▸ EXERCISE PROMPT
Every line of the material must be given again verbatim. Skip the images.

************

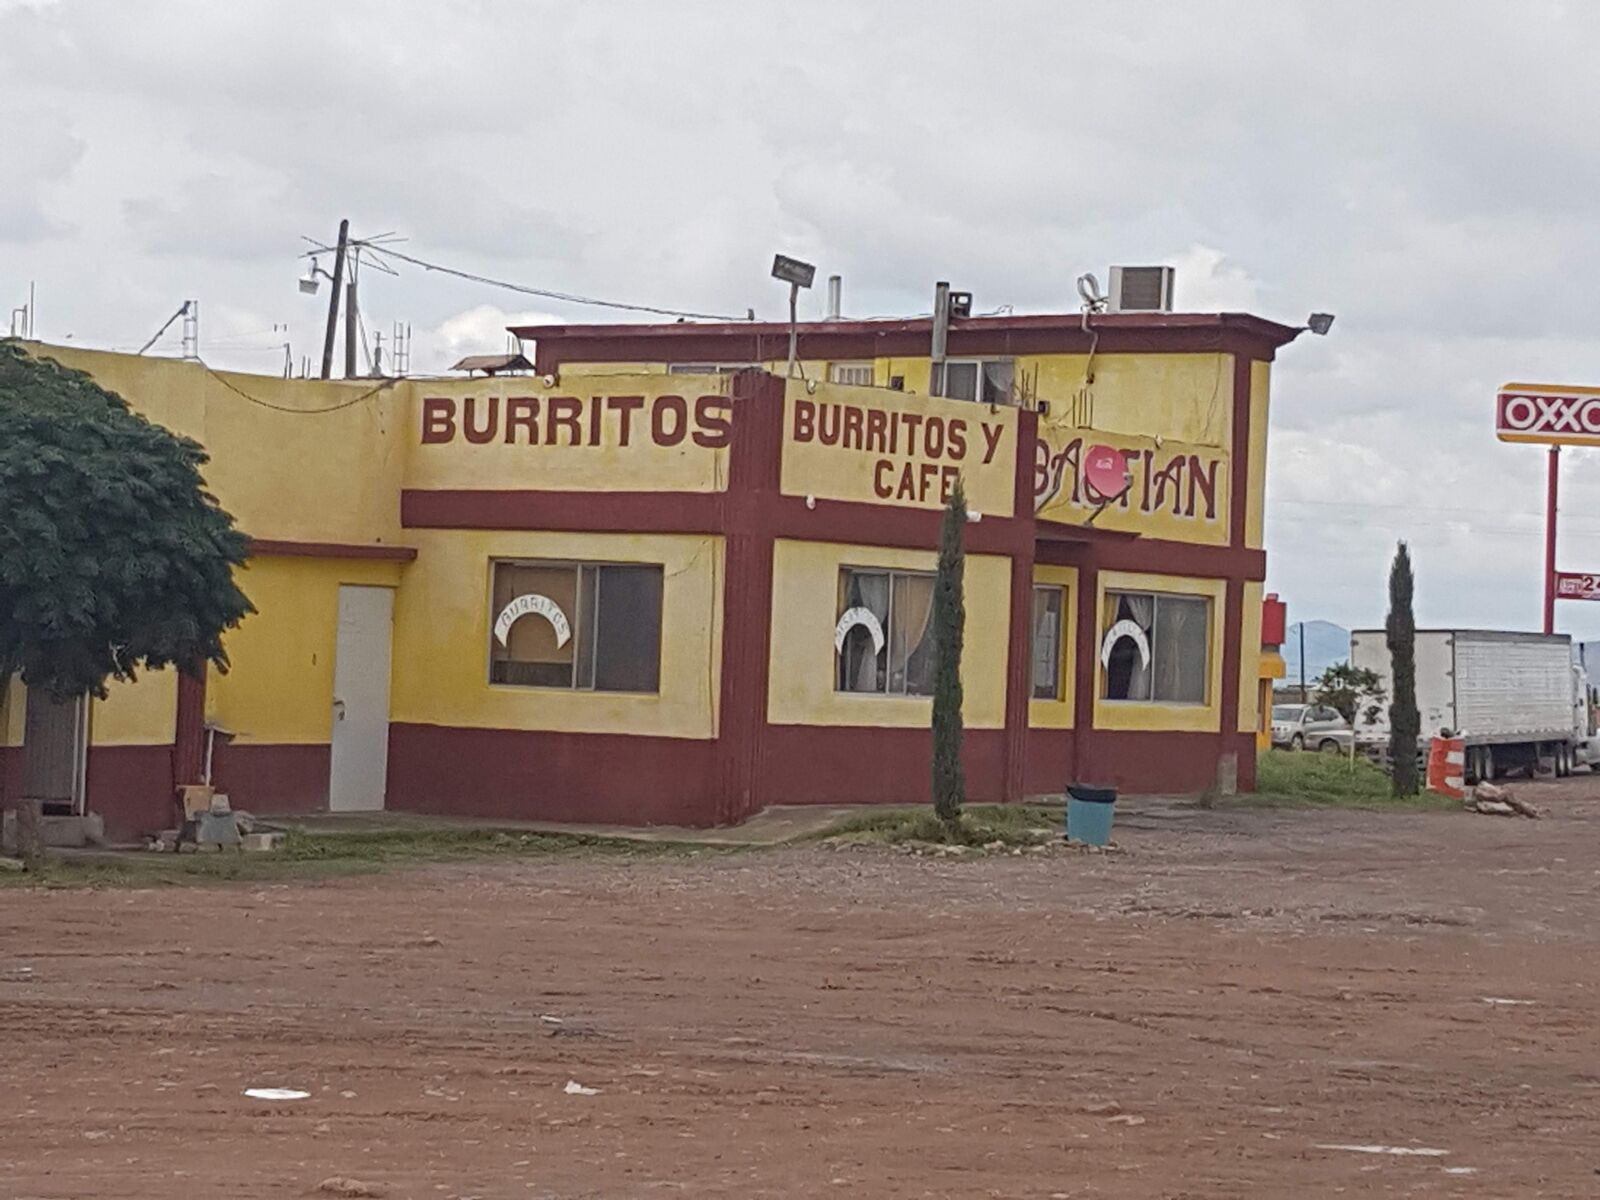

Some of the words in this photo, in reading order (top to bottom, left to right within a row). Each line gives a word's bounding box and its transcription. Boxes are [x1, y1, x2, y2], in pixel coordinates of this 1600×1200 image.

[421, 395, 733, 448] BURRITOS
[793, 400, 967, 460] BURRITOS
[981, 422, 1004, 464] Y
[1505, 397, 1600, 433] OXXO
[873, 459, 960, 504] CAFE
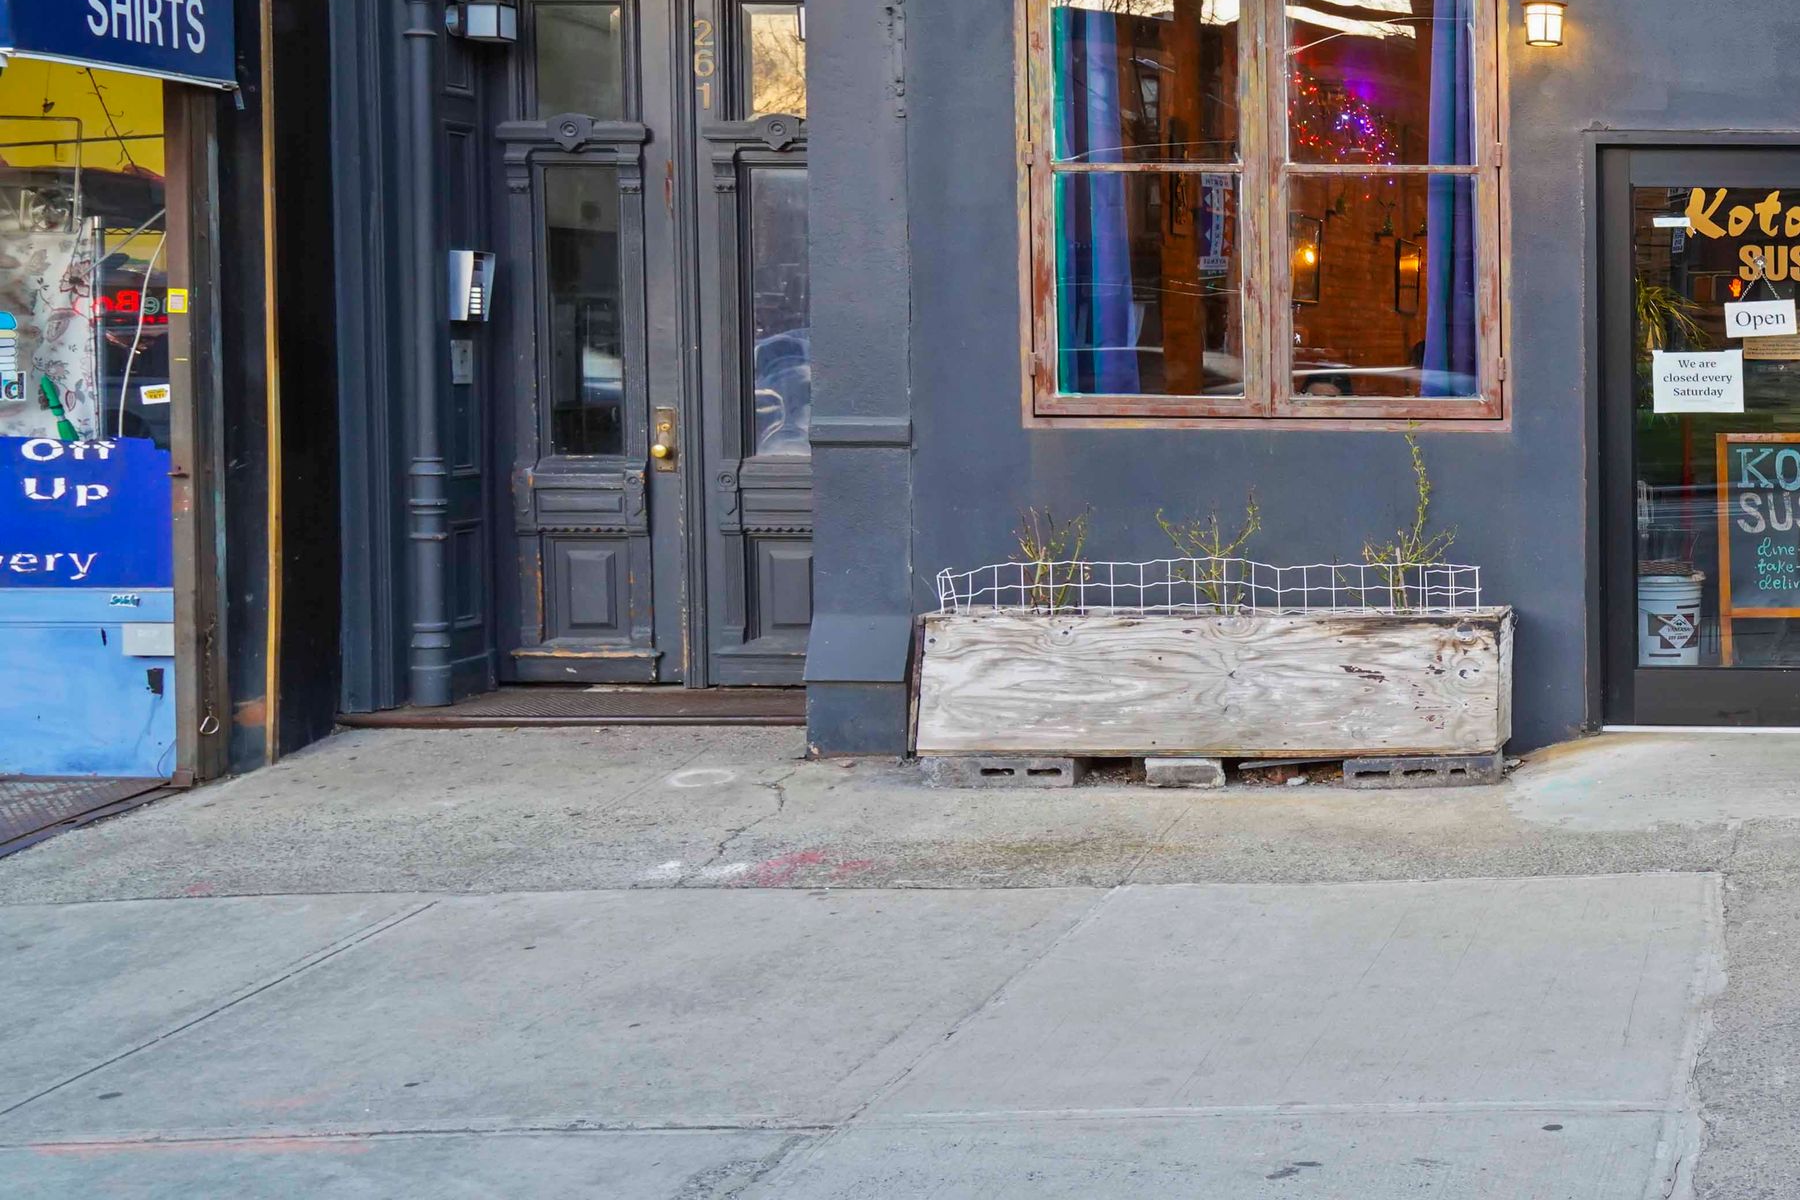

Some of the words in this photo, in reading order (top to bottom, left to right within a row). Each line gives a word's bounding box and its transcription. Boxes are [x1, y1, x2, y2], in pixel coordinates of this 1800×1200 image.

************

▸ YOUR SOLUTION
Some of the words in this photo, in reading order (top to bottom, left to right within a row). Each line gives a word's bounding box and its transcription. Boxes are [x1, y1, x2, y2], in pixel coordinates of this 1600×1200 image.

[421, 395, 733, 448] BURRITOS
[793, 400, 967, 460] BURRITOS
[981, 422, 1004, 464] Y
[1505, 397, 1600, 433] OXXO
[873, 459, 960, 504] CAFE

Some of the words in this photo, in reading order (top to bottom, left to right within a row). Each line gives a word's bounding box and its transcription. Boxes are [x1, y1, x2, y2], in pixel coordinates of this 1800×1200 image.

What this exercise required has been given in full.